**What you will do**
Since the copy must match the original, write out each record word for word, skipping only the pictures.

************

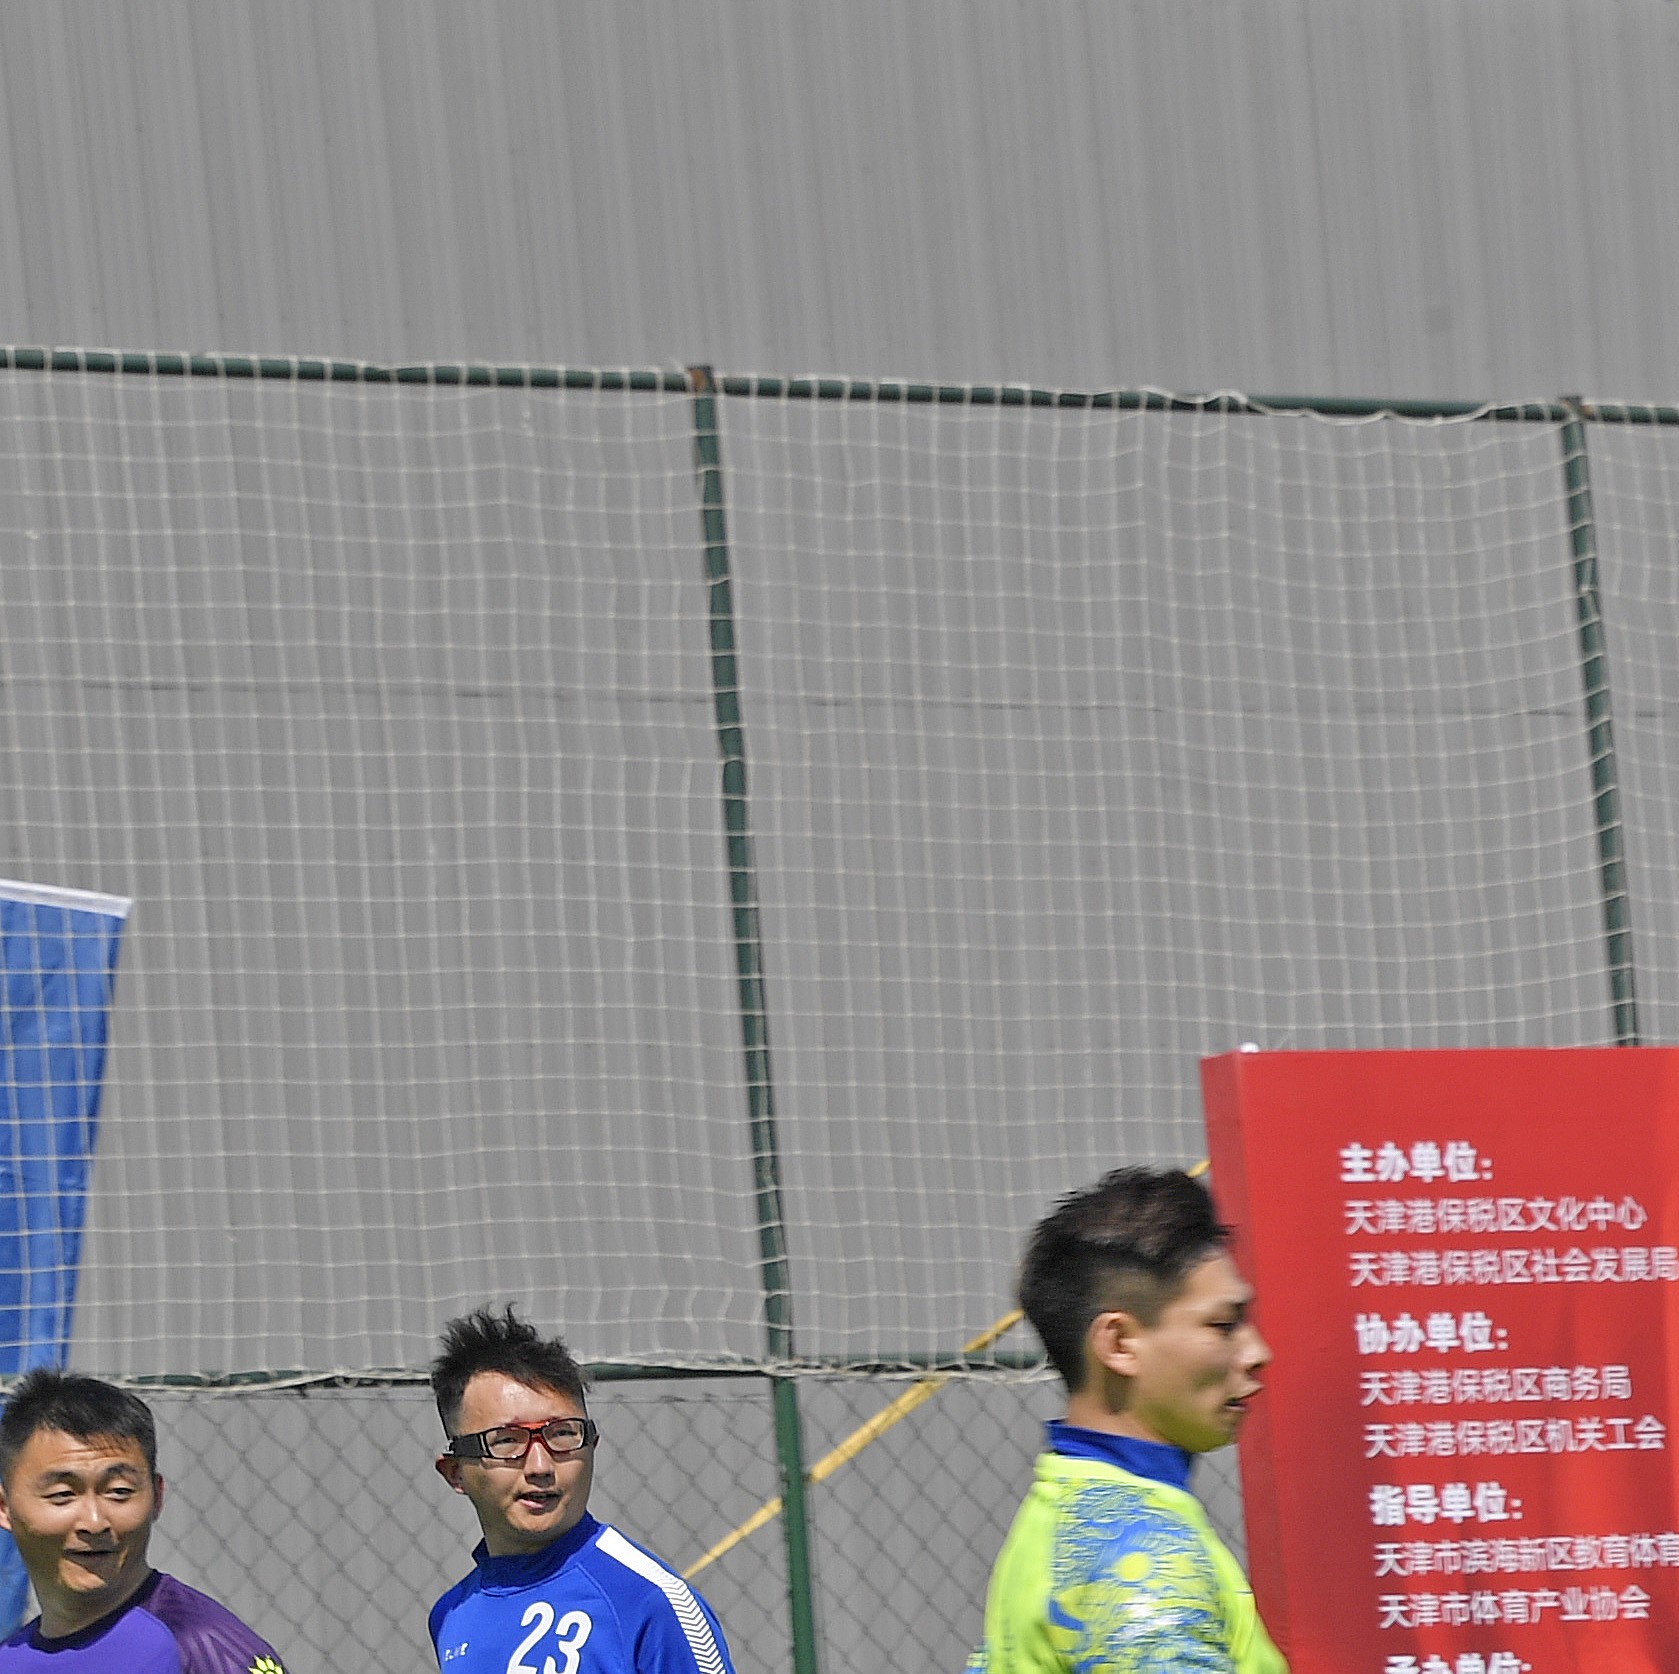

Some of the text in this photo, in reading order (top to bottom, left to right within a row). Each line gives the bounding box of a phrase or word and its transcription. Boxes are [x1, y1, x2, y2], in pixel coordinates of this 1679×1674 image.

[1340, 1141, 1494, 1182] 主办单位：
[1344, 1197, 1648, 1235] 天津港保税区文化中心
[1354, 1313, 1510, 1354] 协办单位：
[1360, 1364, 1632, 1408] 天津港保税区商务局
[1364, 1416, 1666, 1460] 天津港保税区机关工会
[1369, 1482, 1523, 1525] 指导单位：
[1379, 1584, 1651, 1629] 天津市体育产业协会

************

**Answer box**
Some of the text in this photo, in reading order (top to bottom, left to right within a row). Each line gives the bounding box of a phrase or word and its transcription. Boxes are [x1, y1, x2, y2], in pixel coordinates of this 1679×1674 image.

[1340, 1141, 1494, 1182] 主办单位：
[1344, 1197, 1648, 1235] 天津港保税区文化中心
[1354, 1313, 1510, 1354] 协办单位：
[1360, 1364, 1632, 1408] 天津港保税区商务局
[1364, 1416, 1666, 1460] 天津港保税区机关工会
[1369, 1482, 1523, 1525] 指导单位：
[1379, 1584, 1651, 1629] 天津市体育产业协会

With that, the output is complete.